Спасибо хоть однотипный и не притязательный сельский вид, открывающийся по ходу движения поезда сквозь приспущенную шторку окна напротив незаметно вернул меня к мирной, благополучной действительности. Аж, не верилось, что такое бывает, настолько сильно я отвык от воли. А вот в самой камере – «купе», том же «обезьяннике», окна, к сожалению, не было (предвижу, как кто-нибудь, прочтя это, воскликнет – мол, размечтался!) более того, оно там даже и не подразумевалось, а на его месте во всю стену тянулся серый фанерный лист, плотно подогнанный на стыках, ну точно в непотопляемой субмарине или в бункере у Сталина или Гитлера; хотя, если не много подумать, то может и это не совсем верно – ведь я там никогда не был. Просто мне пришли тогда на ум эти случайные, надуманные сравнения, и я не удосужился напрячь мозги, чтобы поменять их на более подходящее. Да и не до того мне, признаться, было, ибо, для этого необходимо спокойствие, а в нашем «столыпинском» общежитии постоянно что-нибудь случалось, не давая развиться как следует мысли; так, дополняя в кровь адреналин, к уже имеющемуся, к нам туда неожиданно влетели три летучие мыши, сделали быстрый, стремительный круг и вырвались наружу – это были тени от тянувшихся вдоль железнодорожного полотна бетонных столбов. Я вот успел это быстренько осмыслить и не удариться в панику, зато «Бешеный пес» перепугался до смерти, прикрывшись от них той самой, с изображением оскалившейся псины, (то бишь, по мнению редакции, его точный аналог) печатной продукцией.



- Что это было? Что?



- История твоей болезни. Ну-ка, покажи-ка лучше, что там про тебя четвертая власть пишет? Похвально! – начал я заговаривать ему зубы. Весь лицевой лист тебе одному отдан. «Бешеным псом» тебя называют. Ну это, допустим, уже ни для кого не новость.

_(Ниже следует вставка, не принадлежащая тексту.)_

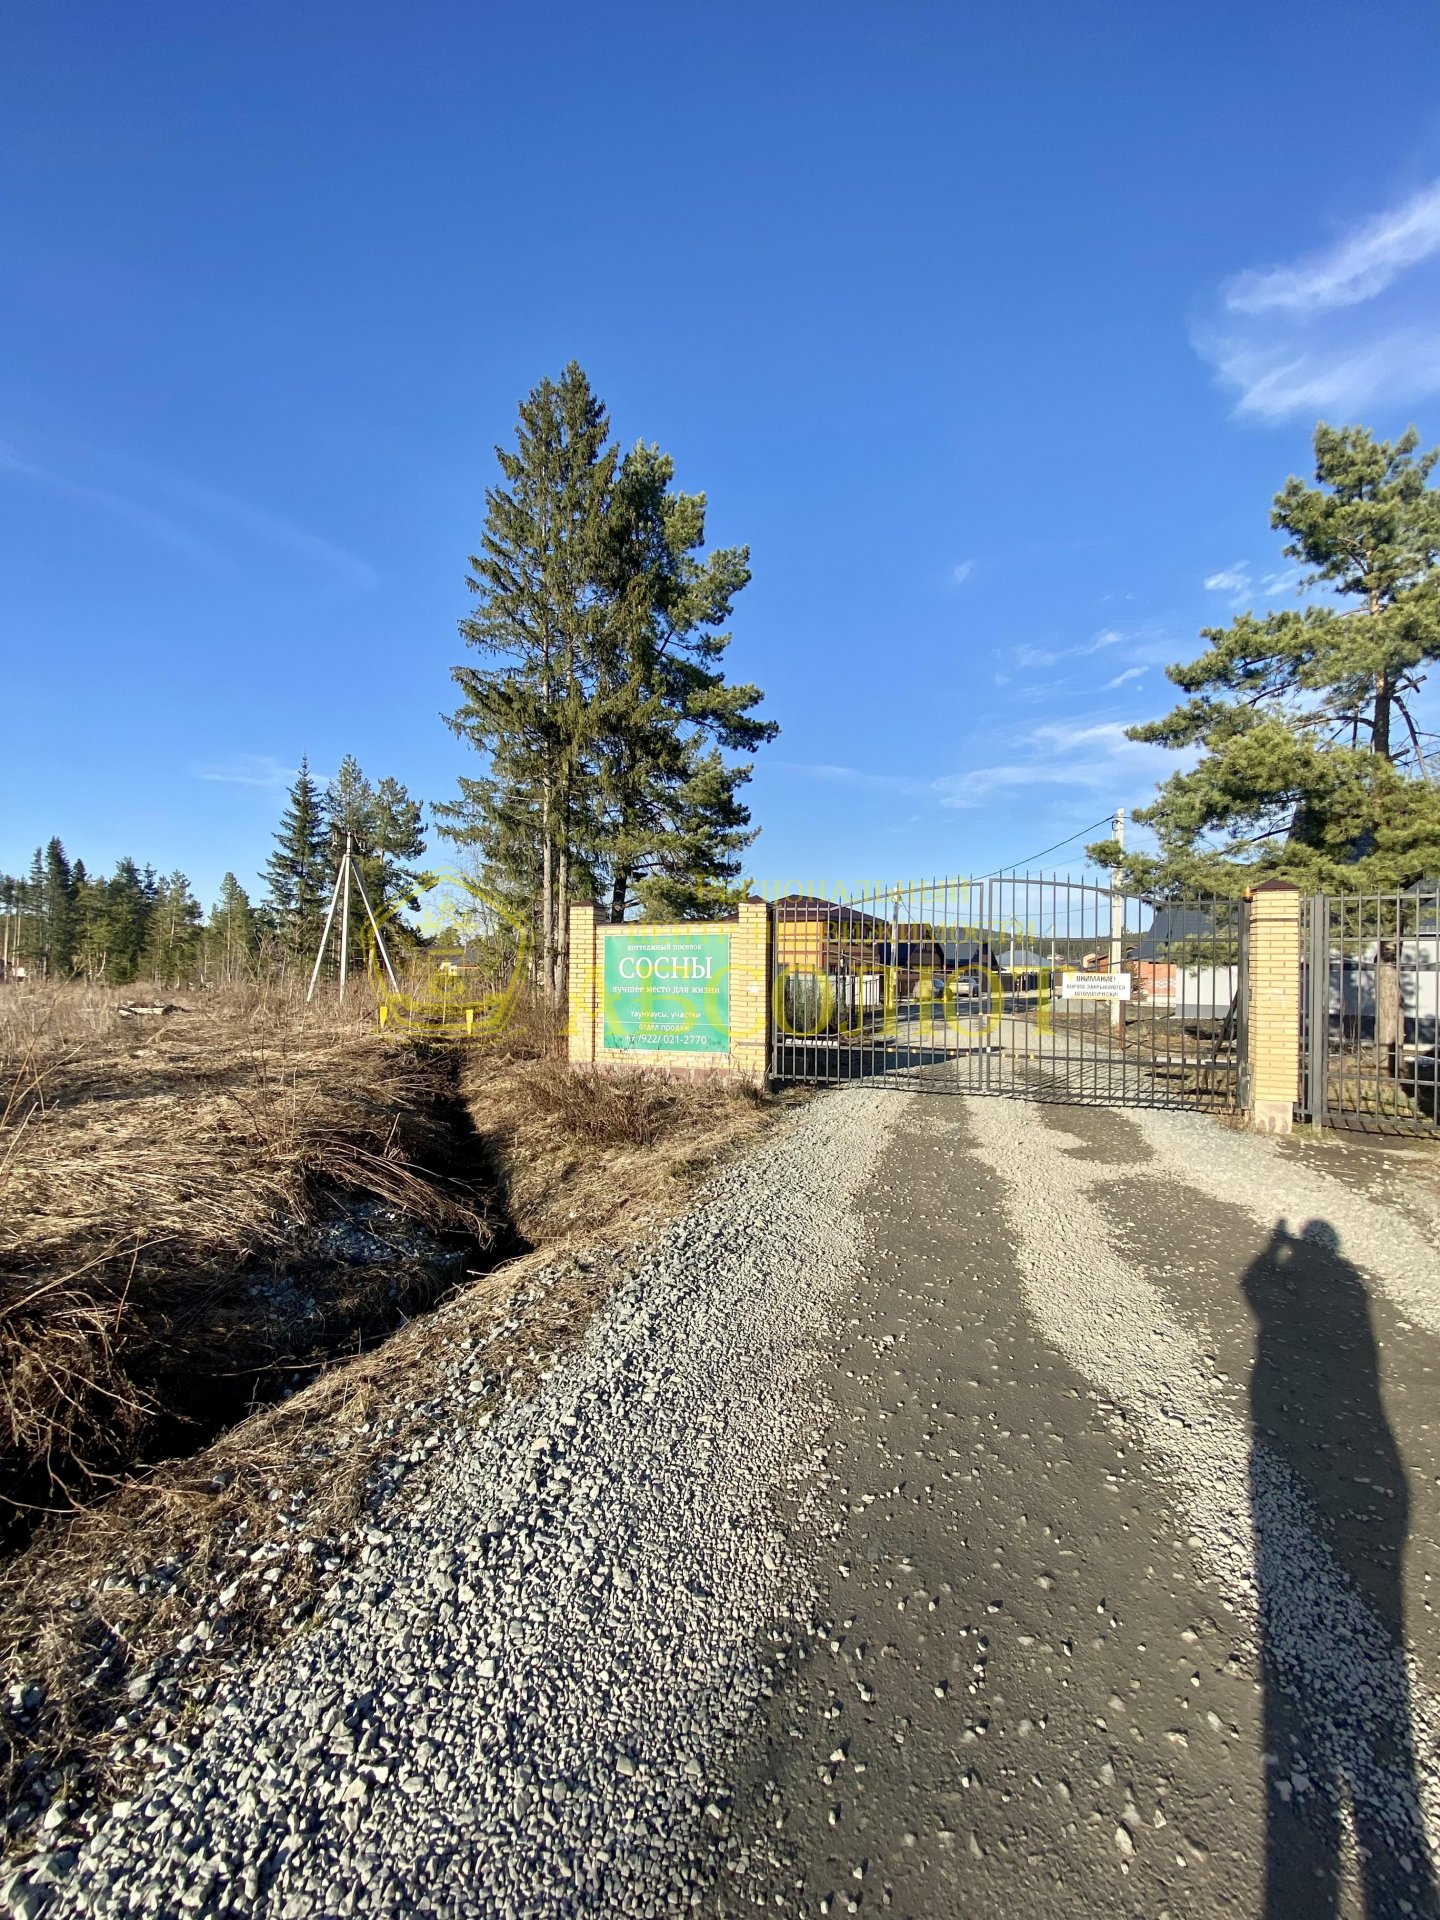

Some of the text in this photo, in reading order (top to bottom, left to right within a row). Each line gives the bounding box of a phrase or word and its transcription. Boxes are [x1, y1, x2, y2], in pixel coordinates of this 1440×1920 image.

Вероятно, от нечего делать, я бы позубоскалил об этом гораздо дольше, но тут вдруг «обиженный» Коля, неудачно повернувшись во сне, упал к нашим ногам с верхней, третьей полки. Сам-то не пострадал, зато зацепился растопыренной пятерней за так и не убранную еще после ознакомления газету, которая – каюсь! – к моему превеликому удовольствию, разлетелась на клочки, что конфетти, из взорванной хлопушки. Я думал, что «Бешеный пес» убьет его за это. – такая невосполнимая утрата, как же…



- Ты что, придурок, вообще «офонарел»? Привязываться нужно, - накинулся он на него быстренько снятым с ноги тапочком, так как подобную категорию арестантов-отщепенцев, по тюремным, «воровским», понятиям порядочному люду, бить кулаками не полагается – вроде как не мараться чтобы. А ногами, стало быть, жестоко очень.



- Тише, тише… Только без живодерства. Со всяким бывает. Кстати, я вспомнил, мне попадалась уже раньше в руки эта статейка. Я тебе сейчас расскажу, о чем в ней пишут, - попытался я, в очередной раз, отвлечь его внимание, ну и заодно разрядить обстановку.



-Правда?



- Да. Сейчас только этот «Чебурашкин» уберется от сюда. Ты не ушибся случайно господин хороший? Или не очень хороший. А то и совсем не хороший, - как тут обратиться точнее даже не знаю. Так что, живой, что ли?



- Вроде да.



- Ну, тогда давай «чехли» куда подальше – видишь же сам, что развернуться негде, - напутствовал я его, не церемонясь.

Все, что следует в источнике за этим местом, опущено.